> AVAILABLE DATA:
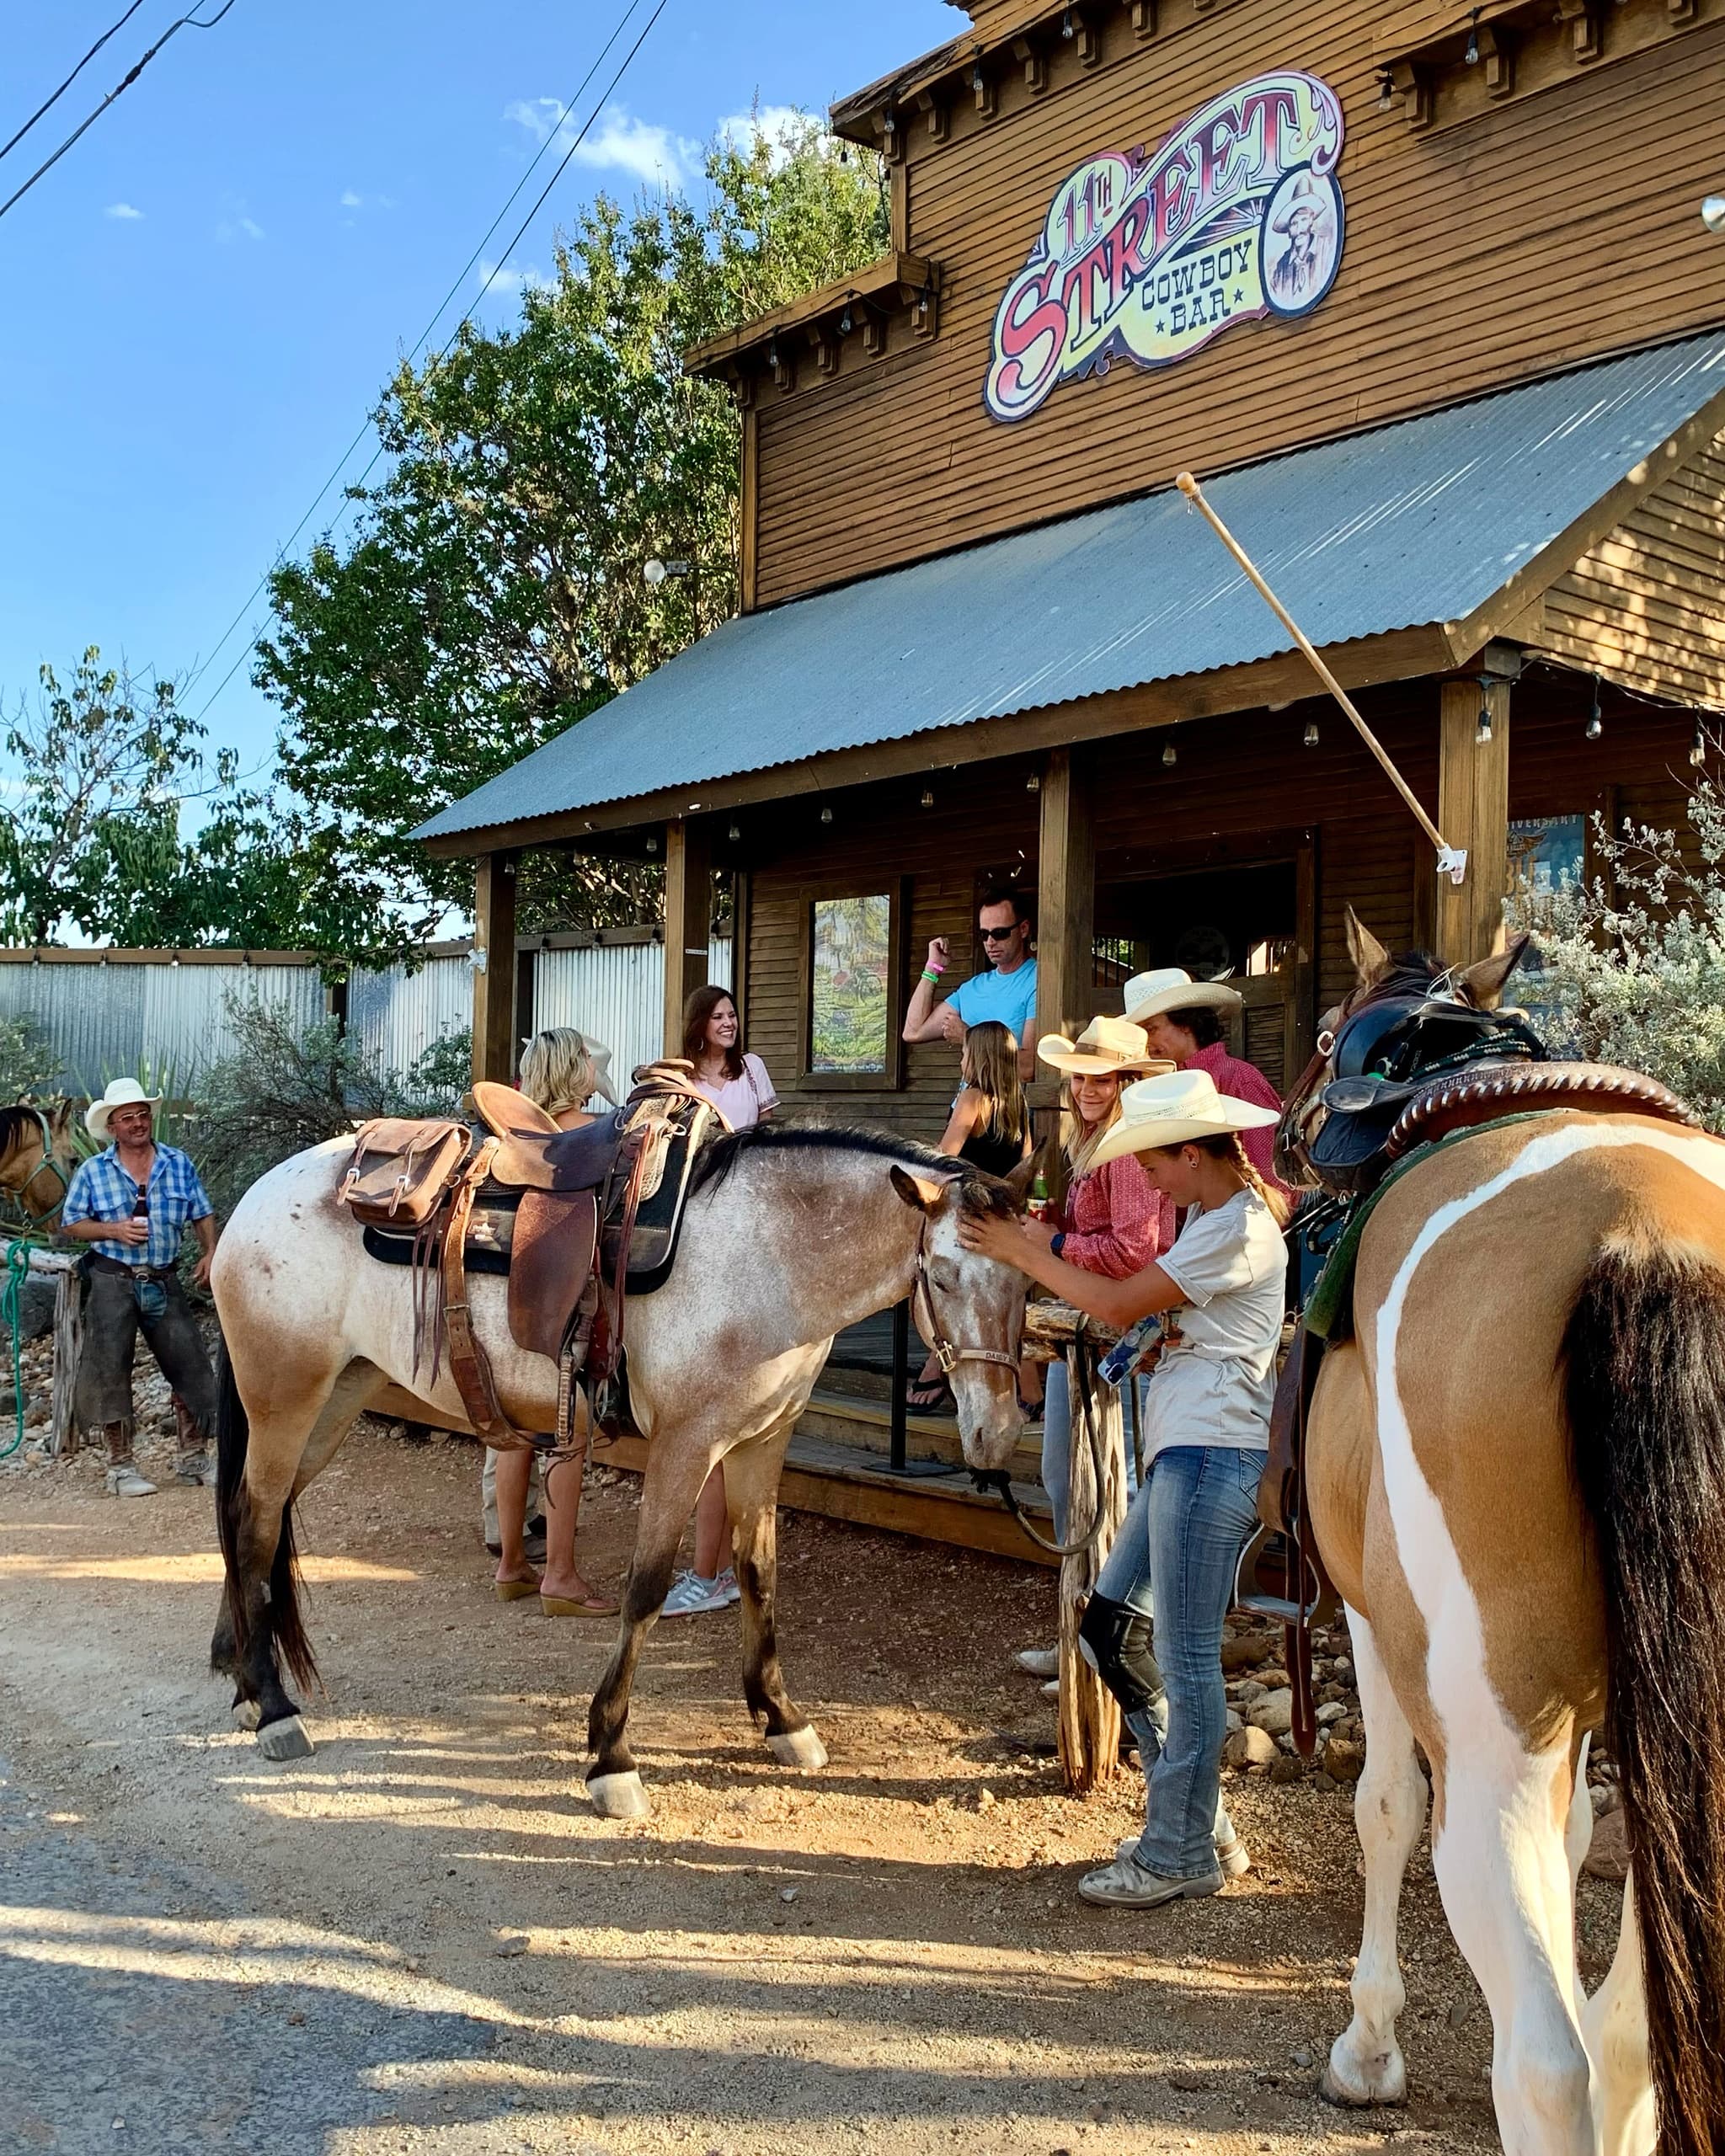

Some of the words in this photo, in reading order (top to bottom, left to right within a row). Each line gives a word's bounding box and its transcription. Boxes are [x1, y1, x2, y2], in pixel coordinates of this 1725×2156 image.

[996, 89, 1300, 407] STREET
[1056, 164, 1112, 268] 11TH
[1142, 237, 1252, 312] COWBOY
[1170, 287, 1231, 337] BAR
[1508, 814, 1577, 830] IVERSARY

> INSTRUCTIONS FOR THE TASK: For every entry above, please output the text exactly and leave any picture behind.

> EXERCISE RESULT:
Some of the words in this photo, in reading order (top to bottom, left to right within a row). Each line gives a word's bounding box and its transcription. Boxes are [x1, y1, x2, y2], in pixel coordinates of this 1725×2156 image.

[996, 89, 1300, 407] STREET
[1056, 164, 1112, 268] 11TH
[1142, 237, 1252, 312] COWBOY
[1170, 287, 1231, 337] BAR
[1508, 814, 1577, 830] IVERSARY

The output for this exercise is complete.